Am besten beschäftigen Sie sich kurz vor dem Schlafen nicht mehr mit Ihren Sorgen und Ängsten. So können Sie vermeiden, ins Grübeln zu kommen. Auch auf die Nachrichten sollten Sie kurz vor dem Zubettgehen verzichtet, vor allem wenn Sie wissen, dass Sie schlechte Nachrichten betroffen und traurig machen können.

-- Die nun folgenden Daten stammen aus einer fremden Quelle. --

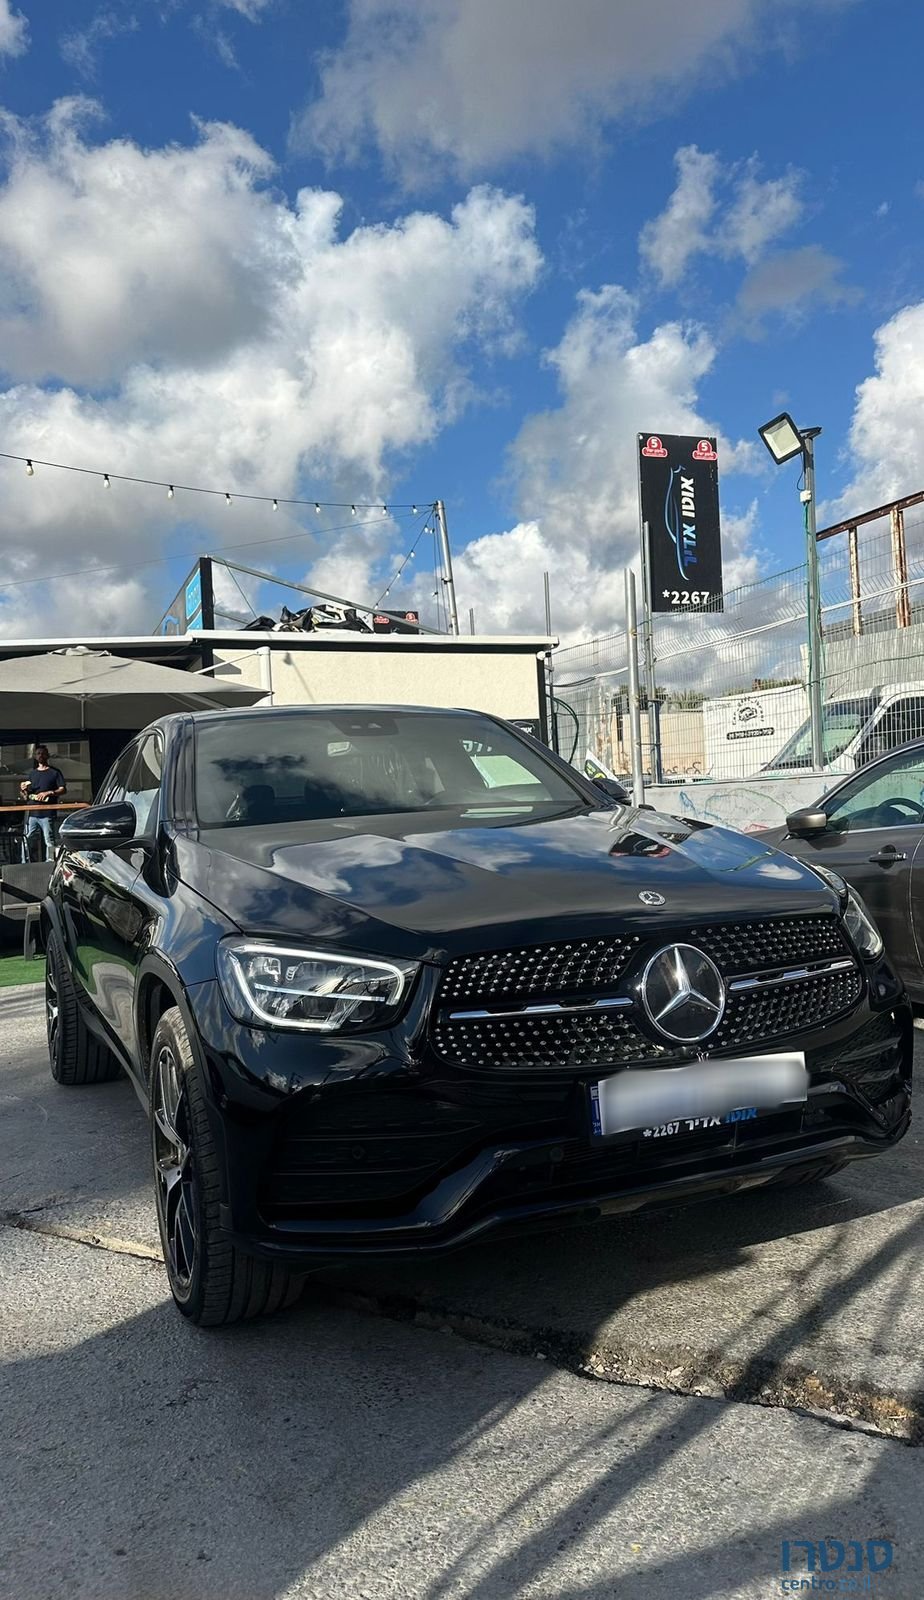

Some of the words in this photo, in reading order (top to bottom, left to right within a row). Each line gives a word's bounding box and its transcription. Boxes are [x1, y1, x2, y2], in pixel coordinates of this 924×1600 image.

[651, 439, 659, 448] 5
[701, 442, 709, 451] 5
[681, 476, 696, 518] אוטו
[683, 523, 697, 566] אדיר
[685, 1116, 721, 1130] אדיר

Ein Gedankentagebuch führen

Wenn Sie sehr gestresst sind und Ihnen immer wieder Dinge einfallen, die Sie erledigen müssen, kann es äußerst hilfreich sein, aufkommende Gedanken in ein Notizbuch zu schreiben. So können Sie sich erlauben, abzuschalten – denn Sie haben nun notiert, worum Sie sich nächsten Tag kümmern möchten.

Entspannungsverfahren

Es gibt eine Reihe von etablierten Entspannungsverfahren, die bei Stress, Überforderung und Ängsten helfen können. Auch bei Schlafstörungen sind sie eine Möglichkeit, zur Ruhe zu finden und etwas Stress abzubauen. Im Internet finden sie gute, kostenlose Anleitungen zu Verfahren wie Autogenem Training, Progressiver Muskelrelaxation oder der 4-7-8-Methode.

Natürliche Schlafmittel

Wem all das nicht weiterhilft, der kann auf natürliche Schlafmittel zurückgreifen. Es bieten sich zum Beispiel Mittel an, die Baldrian oder Melatonin enthalten. Bei rezeptpflichtigen Schlaftabletten sollten Sie sehr vorsichtig sein. Sie bringen häufig kurzfristig Besserung, haben aber potentiell starke Nebenwirkungen und können abhängig machen.

Sich professionelle Hilfe holen

Schlafstörungen, die bei den Betroffenen zu starken Einschränkungen im Alltag führen und über einen längeren Zeitraum anhalten, sollten allerdings von einem Arzt abgeklärt werden. In manchen Fällen kann hinter einer Schlafstörung eine körperliche Ursache stecken. Bei psychischer Ursache kann eine Psychotherapie helfen, besser mit Stress umzugehen und abends zur Ruhe zu kommen.